The argument that's usually thrown out in support of Clever is that he's just looking at information pertaining to his IT business while playing. The problem is that Clever does it almost ceaselessly, though furtively, and usually while he's trying to make precise, sneaky kills that would ostensibly require one's full attention. What's more, at least two Reddit users have pointed out that one can find videos of Clever playing other games in which he never looks at the mystery screen at all.

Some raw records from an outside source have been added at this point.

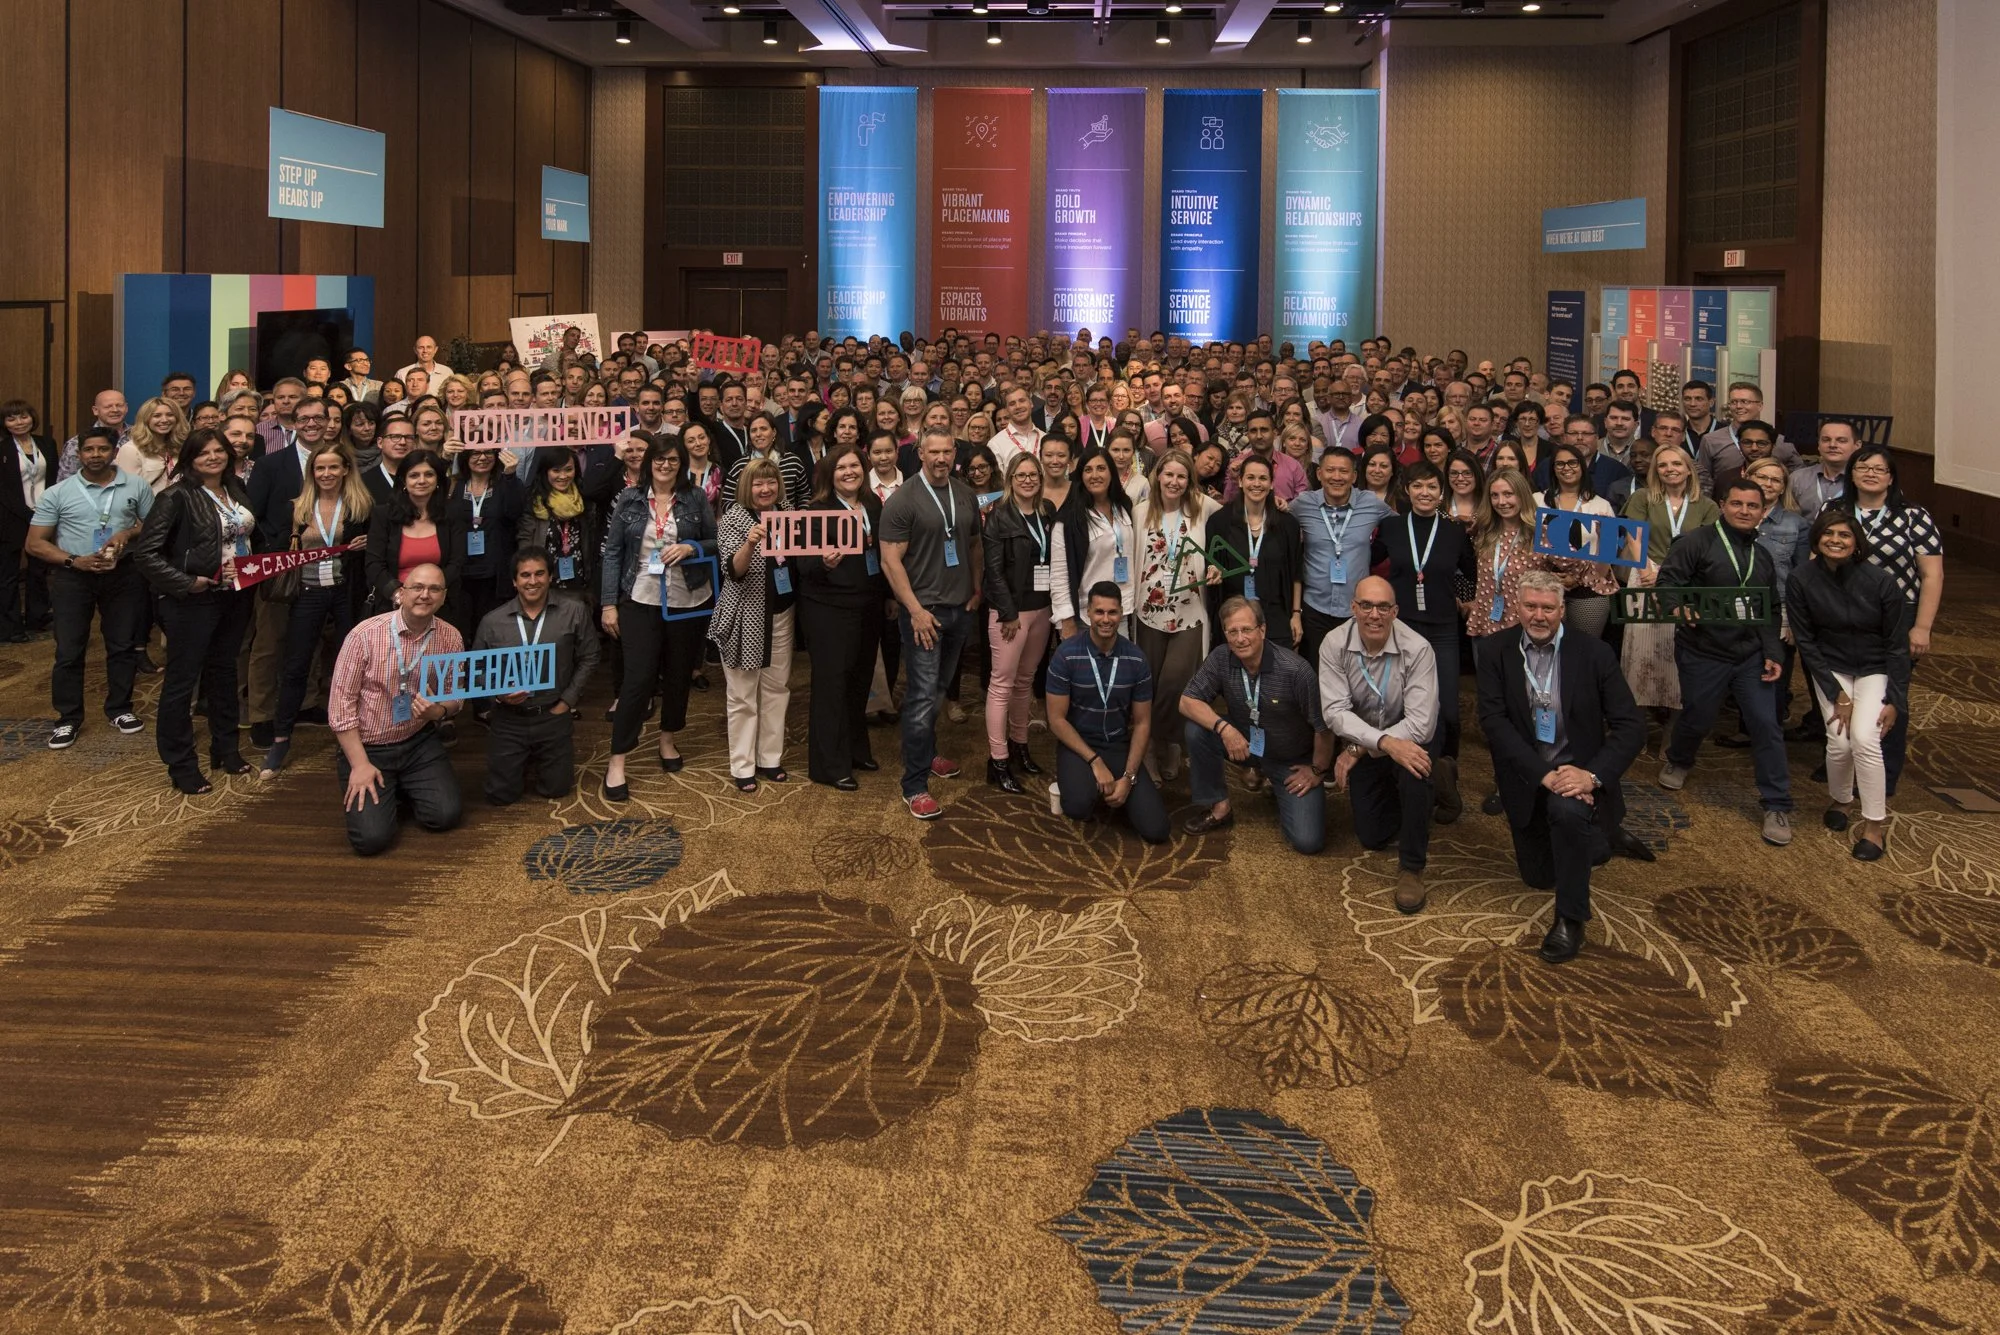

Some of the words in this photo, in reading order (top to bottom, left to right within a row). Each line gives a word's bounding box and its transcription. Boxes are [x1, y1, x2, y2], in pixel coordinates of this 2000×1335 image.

[279, 164, 302, 185] STEP
[304, 168, 317, 187] UP
[279, 186, 309, 208] HEADS
[311, 191, 324, 209] UP
[828, 192, 895, 206] EMPOWERING
[942, 193, 983, 207] VIBRANT
[1055, 194, 1080, 208] BOLD
[1171, 195, 1219, 210] INTUITIVE
[1285, 196, 1331, 210] DYNAMIC
[828, 207, 887, 221] LEADERSHIP
[942, 209, 1010, 223] PLACEMAKING
[1055, 209, 1096, 223] GROWTH
[1171, 210, 1213, 225] SERVICE
[1285, 211, 1362, 226] RELATIONSHIPS
[1574, 231, 1580, 244] AT
[1592, 229, 1605, 242] BEST
[1727, 252, 1738, 266] EXIT
[827, 290, 886, 305] LEADERSHIP
[940, 292, 982, 306] ESPACES
[1053, 293, 1115, 308] CROISSANCE
[1169, 294, 1211, 309] SERVICE
[1283, 296, 1337, 311] RELATIONS
[940, 307, 987, 322] VIBRANTS
[1053, 308, 1114, 323] AUDACIEUSE
[1169, 309, 1210, 324] INTUITIF
[1283, 311, 1348, 328] DYNAMIQUES
[700, 336, 754, 371] 2017
[464, 410, 622, 446] CONFERENCE
[771, 515, 853, 550] HELLO
[261, 549, 330, 576] CANADA
[434, 648, 545, 697] YEEHAW

The twist is that the ESL claimed they'd been looking into the issue since "day one" a month ago. But nothing's been done about it since. In a separate thread from Thursday, the ESL responded to a 1,577-word criticism of its general integrity and its decision to take no action against Clever by saying "we were trying to find anything from legal side which could allow us to ban him. Unfortunately we didn't so we can't ban him."

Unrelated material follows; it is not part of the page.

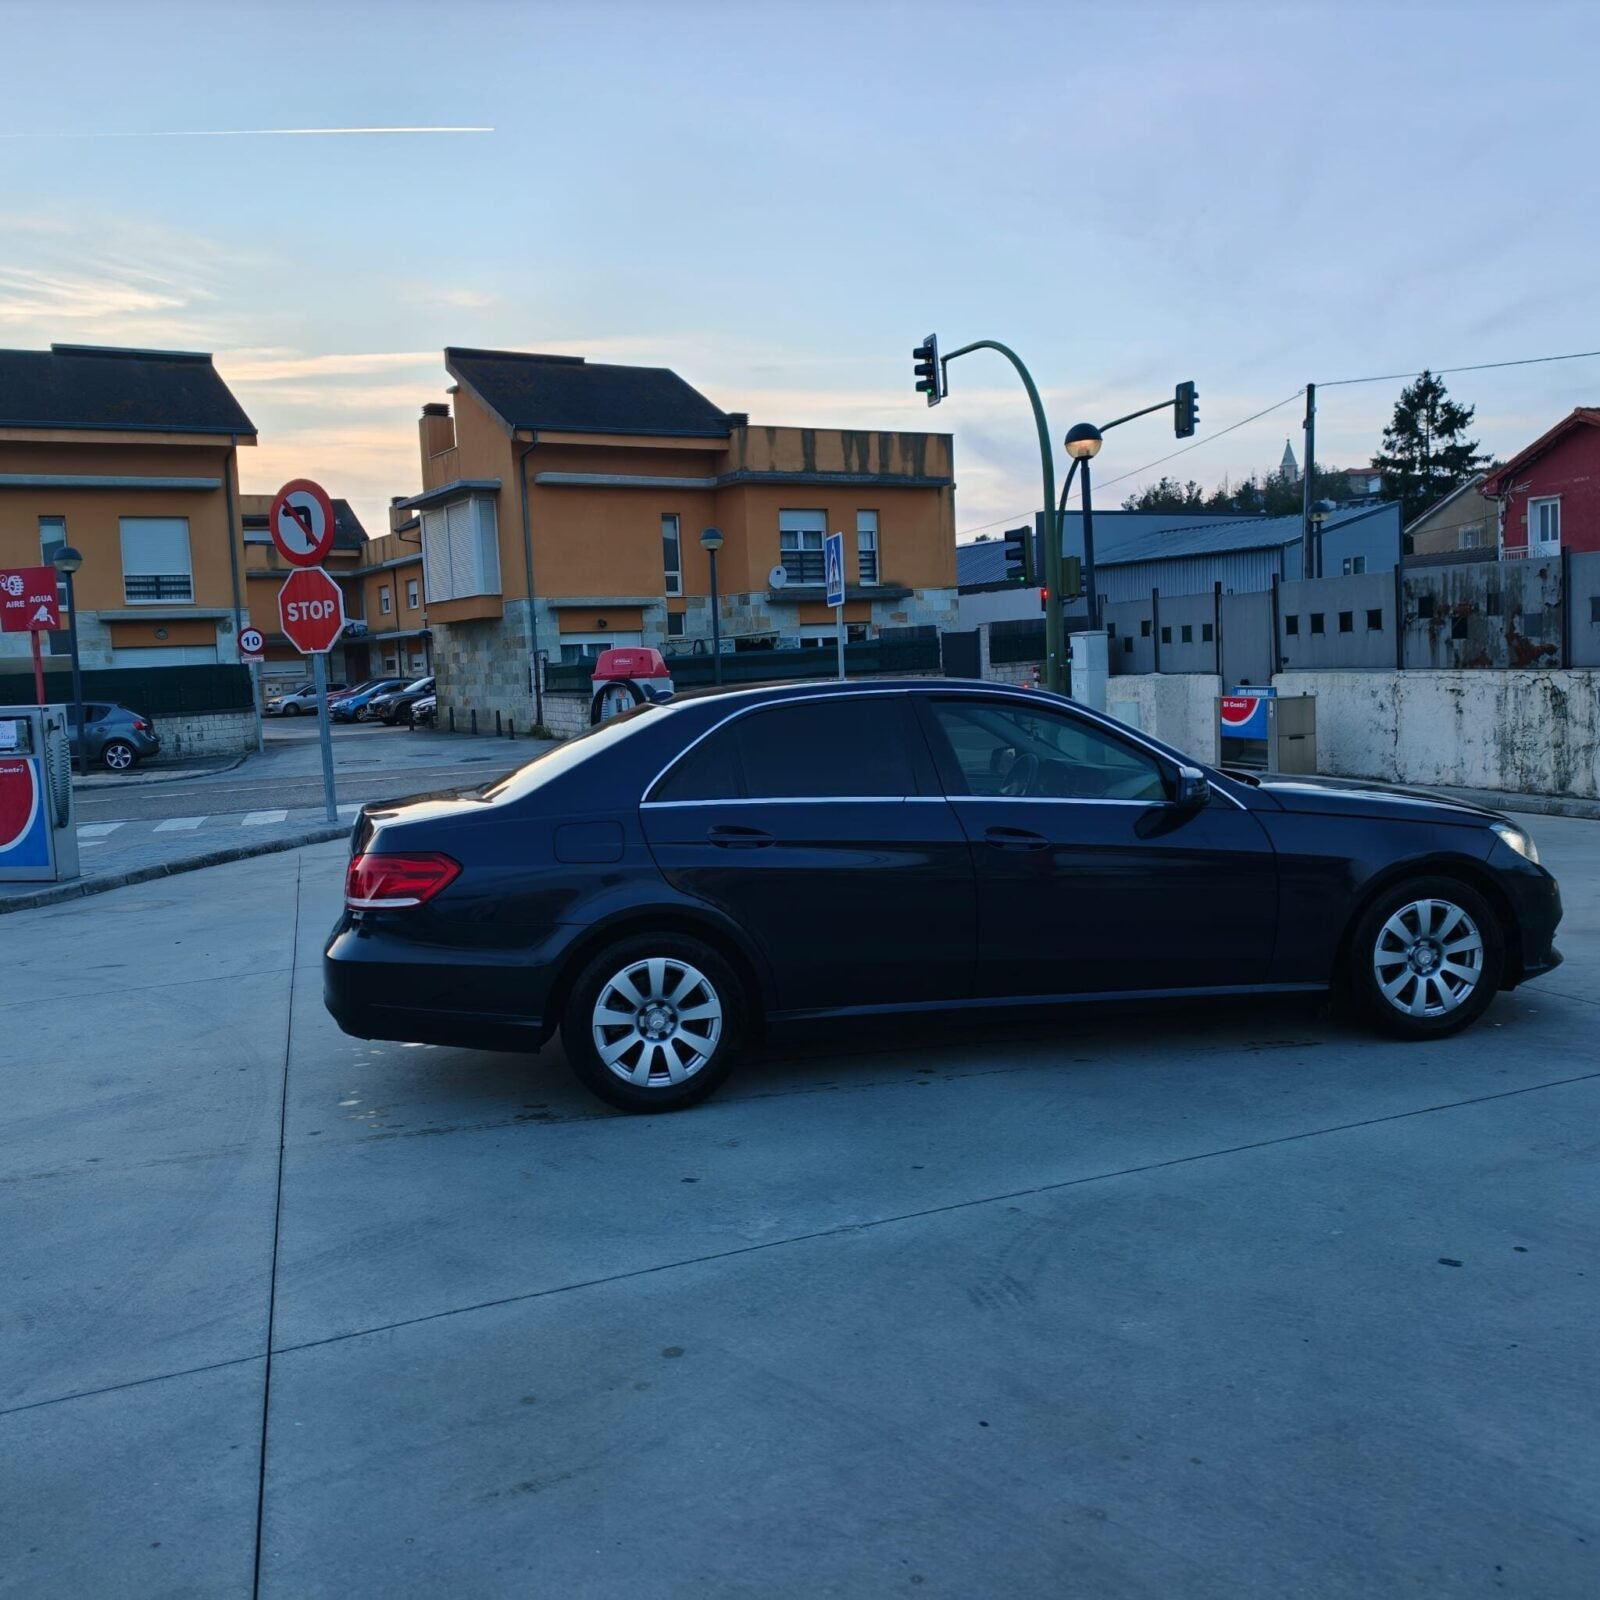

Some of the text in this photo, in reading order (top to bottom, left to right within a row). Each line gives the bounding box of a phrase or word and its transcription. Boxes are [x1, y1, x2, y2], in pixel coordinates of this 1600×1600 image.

In a statement posted on Reddit on Friday, the ESL addressed the issue by expressing its support of the anti-cheating measures it already has in place, namely FairFight, a server-based anti-cheating engine, and its own MOSS monitoring system and ESL Anticheat. And in the case of Clever, "none of the tools have so far provided a 100% certainty of a cheat being used." Indeed, even Canadian acknowledged in his video that the second monitor isn't showing up in Clever's MOSS files, but it's clear he's looking at a monitor or at least something.
Image: Ubisoft
"Public suspicions and circumstantial evidence do lead us to investigate, to double check anti-cheat data, to look at all the material, and to fine-tune our detections, but in the end we need to have proof," the ESL said. "Either in the form of hard data from our tools, or a seamless string of evidence based on recorded material that we feel comfortable defending in court."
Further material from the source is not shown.